Predicting future speeding behaviour: The appeal of positive emotional appeals for high risk road users
Lewis, Ioni M., Watson, Barry C., & White, Katherine M. (2008) Predicting future speeding behaviour: The appeal of positive emotional appeals for high risk road users. In High risk road users - motivating behaviour change: what works and what doesn't work? National Conference of the Australasian College of Road Safety and the Travelsafe Committee of the Queensland Parliament, 18-19 September 2008, Brisbane.

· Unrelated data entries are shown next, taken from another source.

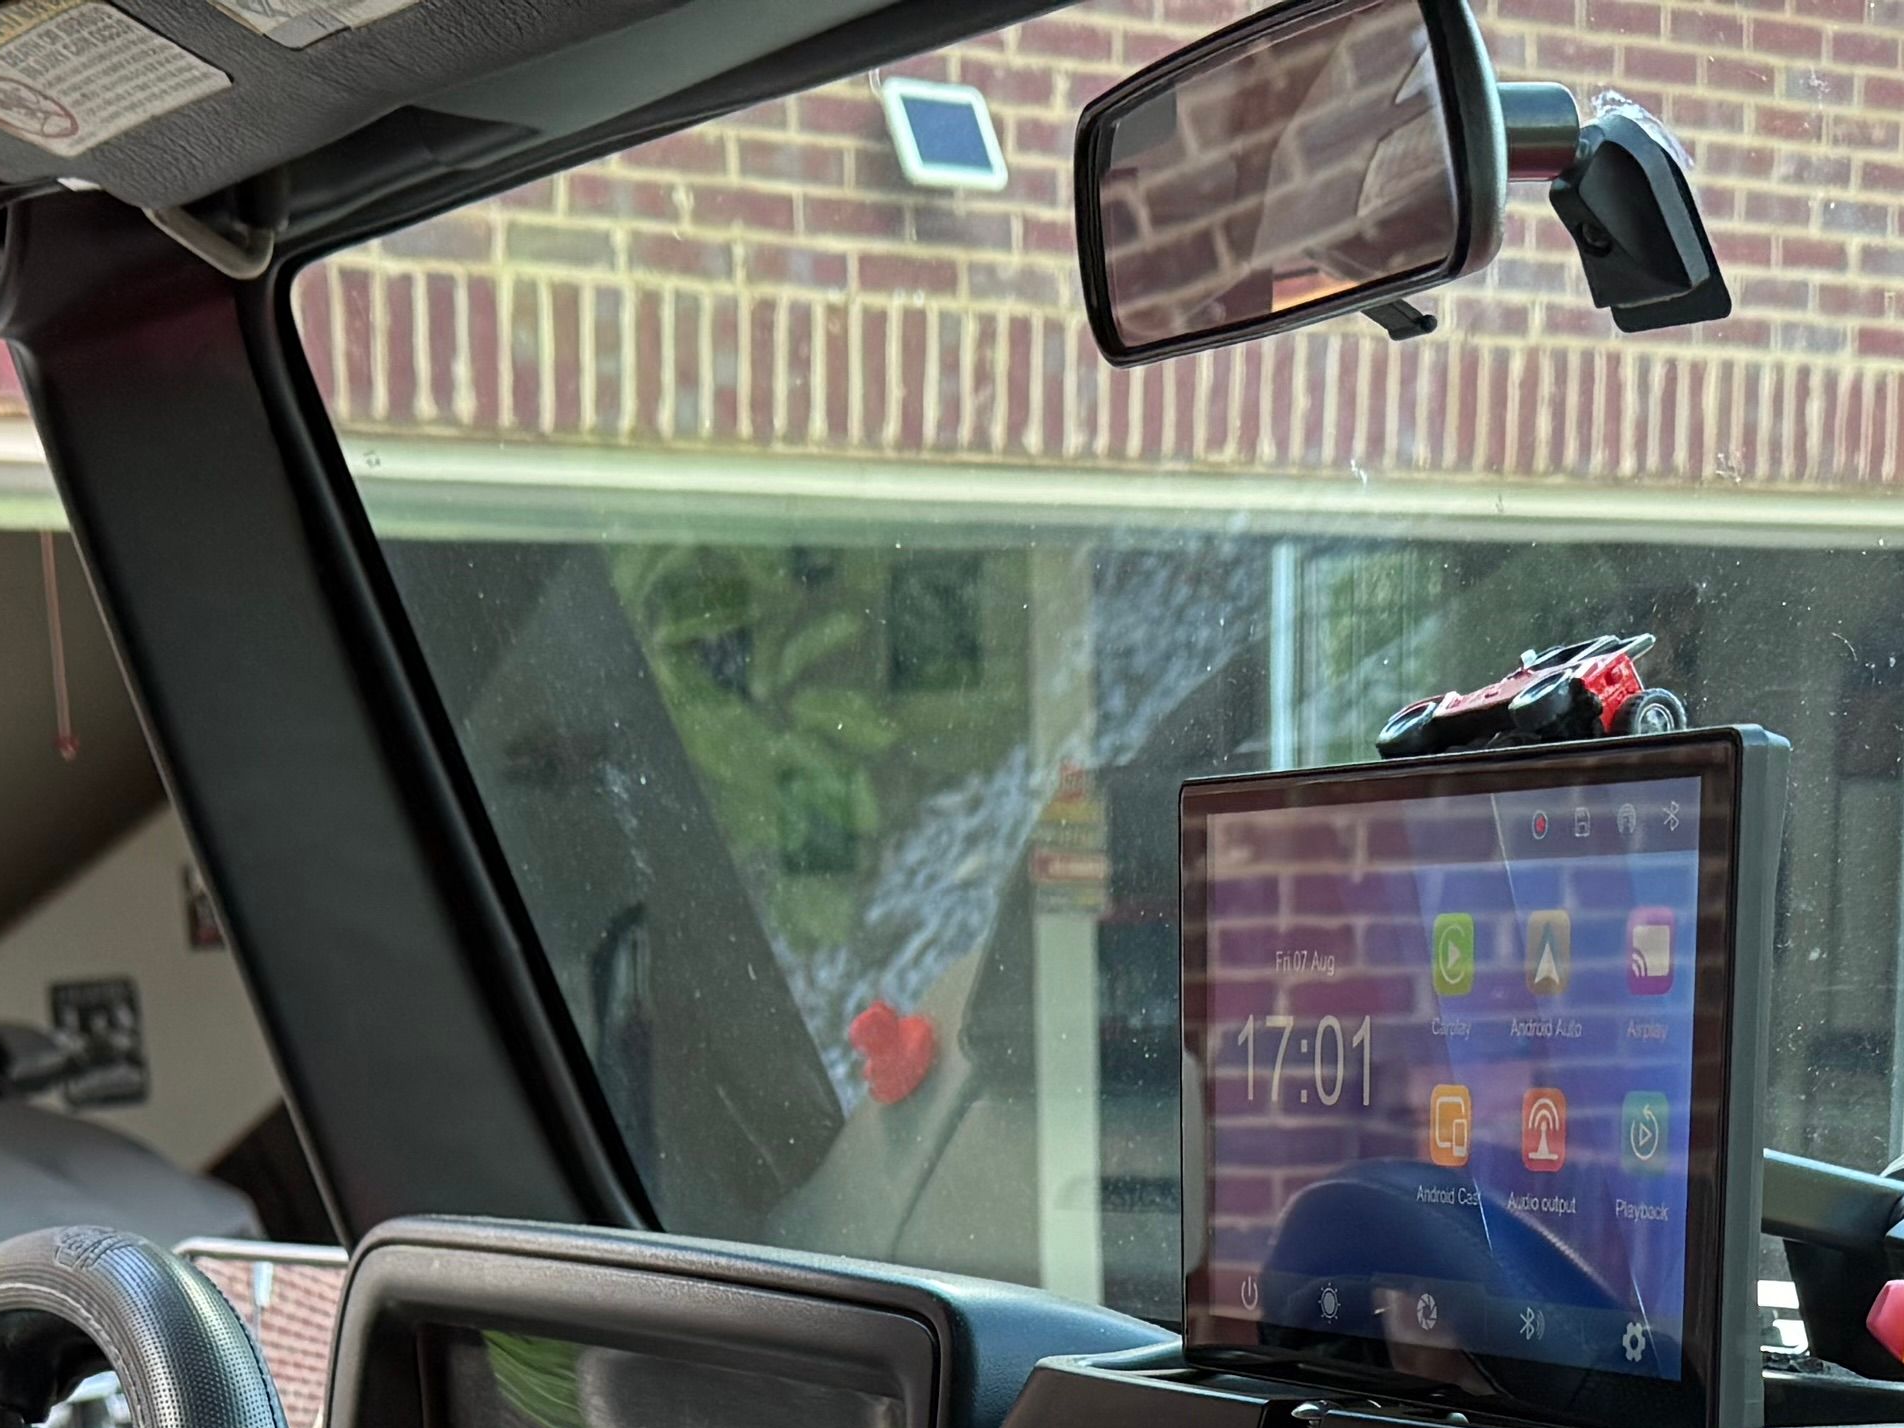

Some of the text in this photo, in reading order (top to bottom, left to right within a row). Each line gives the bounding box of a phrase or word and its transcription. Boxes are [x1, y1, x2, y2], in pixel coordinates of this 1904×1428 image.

[1275, 950, 1336, 977] Fri 07 Aug
[1510, 1019, 1583, 1038] Android Auto
[1237, 1013, 1372, 1107] 17:01
[1416, 1185, 1481, 1207] Android Cas
[1507, 1191, 1577, 1216] Audio output
[1615, 1198, 1669, 1223] Playback
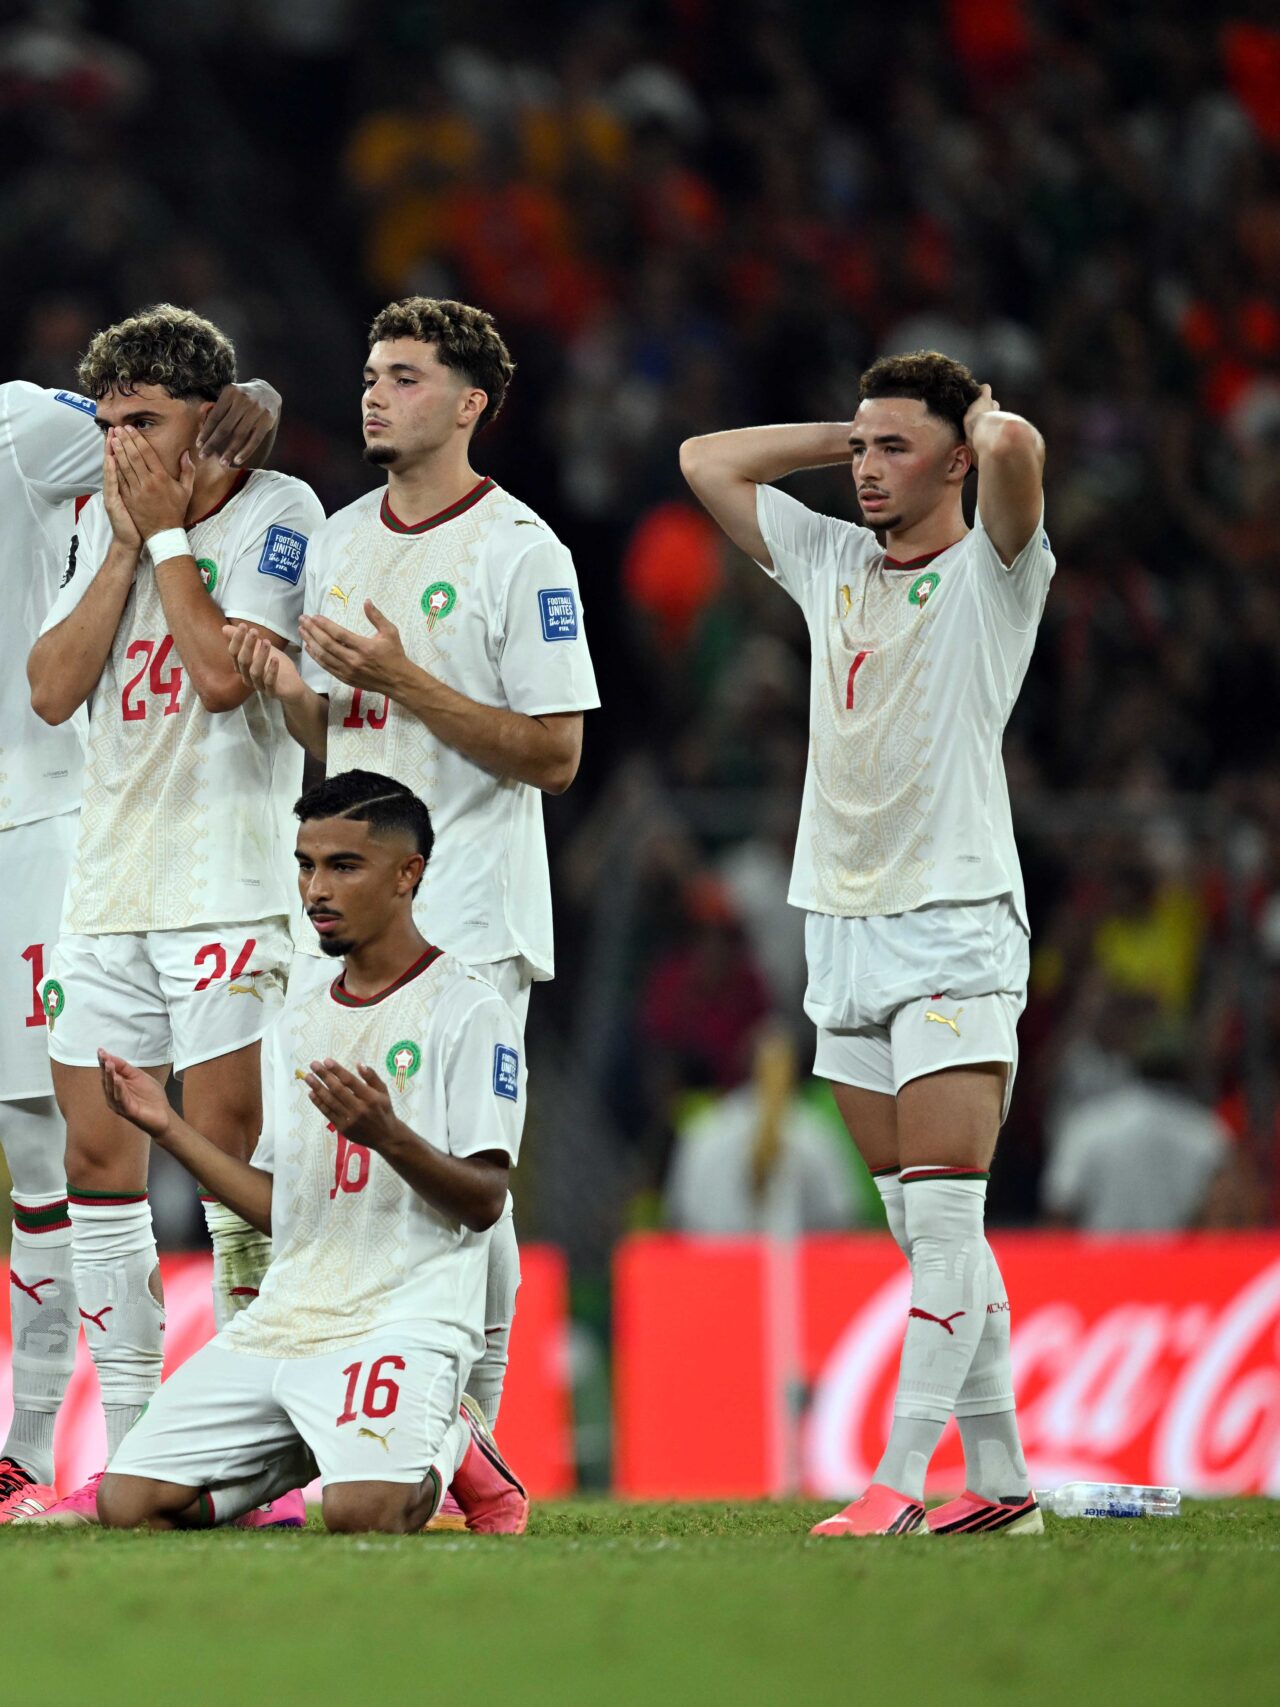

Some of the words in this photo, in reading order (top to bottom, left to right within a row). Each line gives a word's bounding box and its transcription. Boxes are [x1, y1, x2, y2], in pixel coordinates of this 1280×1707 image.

[276, 535, 302, 551] FOOTBALL
[273, 542, 300, 561] UNITES
[269, 553, 279, 562] the
[280, 555, 300, 570] World
[547, 597, 571, 605] FOOTBALL
[549, 605, 573, 616] UNITES
[121, 633, 182, 722] 24
[337, 1355, 407, 1426] 16
[1083, 1507, 1143, 1518] martwater
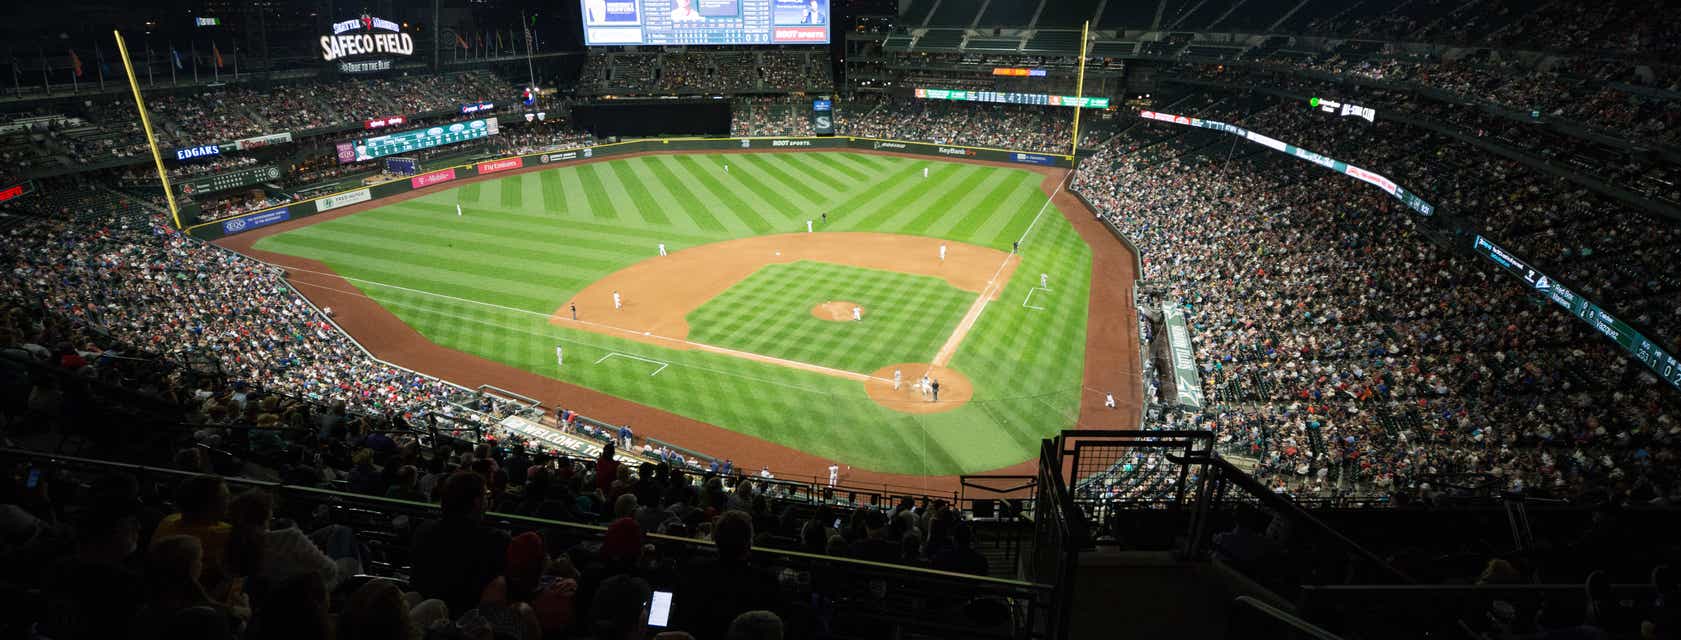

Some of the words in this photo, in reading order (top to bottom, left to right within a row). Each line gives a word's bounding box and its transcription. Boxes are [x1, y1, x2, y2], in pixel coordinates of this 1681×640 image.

[320, 34, 374, 61] SAFECO
[374, 33, 414, 56] FIELD
[177, 145, 219, 160] EDGARS
[939, 147, 966, 155] KeyBank
[1663, 365, 1672, 376] 0
[523, 424, 583, 450] WELCOME
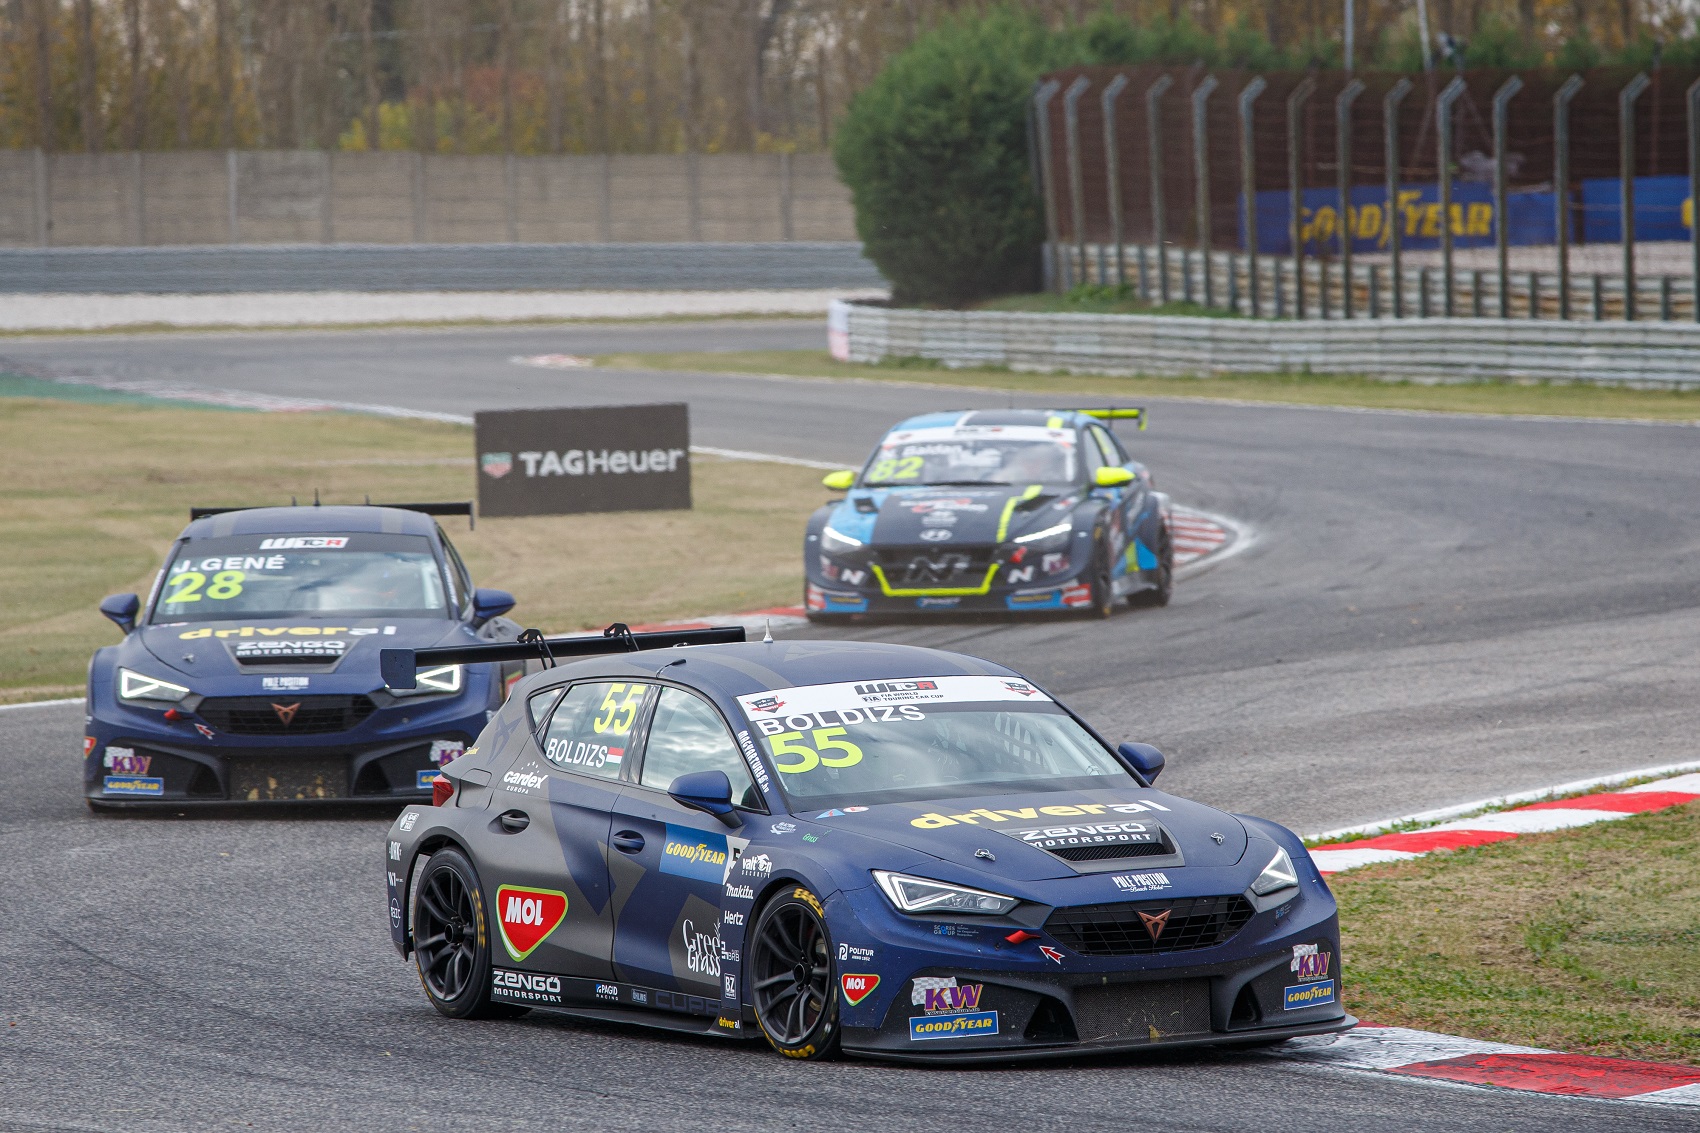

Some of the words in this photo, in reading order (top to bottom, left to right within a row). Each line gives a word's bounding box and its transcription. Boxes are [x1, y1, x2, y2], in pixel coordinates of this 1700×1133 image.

Males are more likely to be involved in road-related trauma and to engage in risky driving behaviours such as speeding. Advertising campaigns attempting to motivate behavioural change among males often rely upon negative, fear-based emotional appeals. However, evidence is mixed for the effectiveness of fear appeals and there is limited evidence for the effectiveness of alternative emotion-based approaches, such as positive emotional appeals, which incorporate humour or pride. The current study examined the impact of negative and positive emotional messages on self-reported speeding behaviour. For comparative purposes, the results obtained for male, as well as female drivers, are reported. Participants (N = 205) completed an internet-based survey in which their past (pre-exposure) speeding behaviour was assessed before exposure to either a positive or negative emotion-based message. Immediately after exposure, the extent of message acceptance was assessed. One month later, participants were asked to report their speeding behaviour during the previous 4 weeks. Hierarchical regressions examined the extent that message acceptance predicted subsequent self-reported behaviour over and above the impact of participants’ past speeding behaviour. The results revealed that message acceptance reported by males after exposure to positive emotional appeals was a more important predictor of subsequent speeding behaviour than their past speeding behaviour. In contrast, the results reported for those exposed to negative emotional appeals indicated that such appeals may have limited impact on males’ speeding behaviour with past behaviour emerging as the only significant predictor. Overall, the results highlight the potential utility of positive emotional appeals for modifying the behaviour of male road users.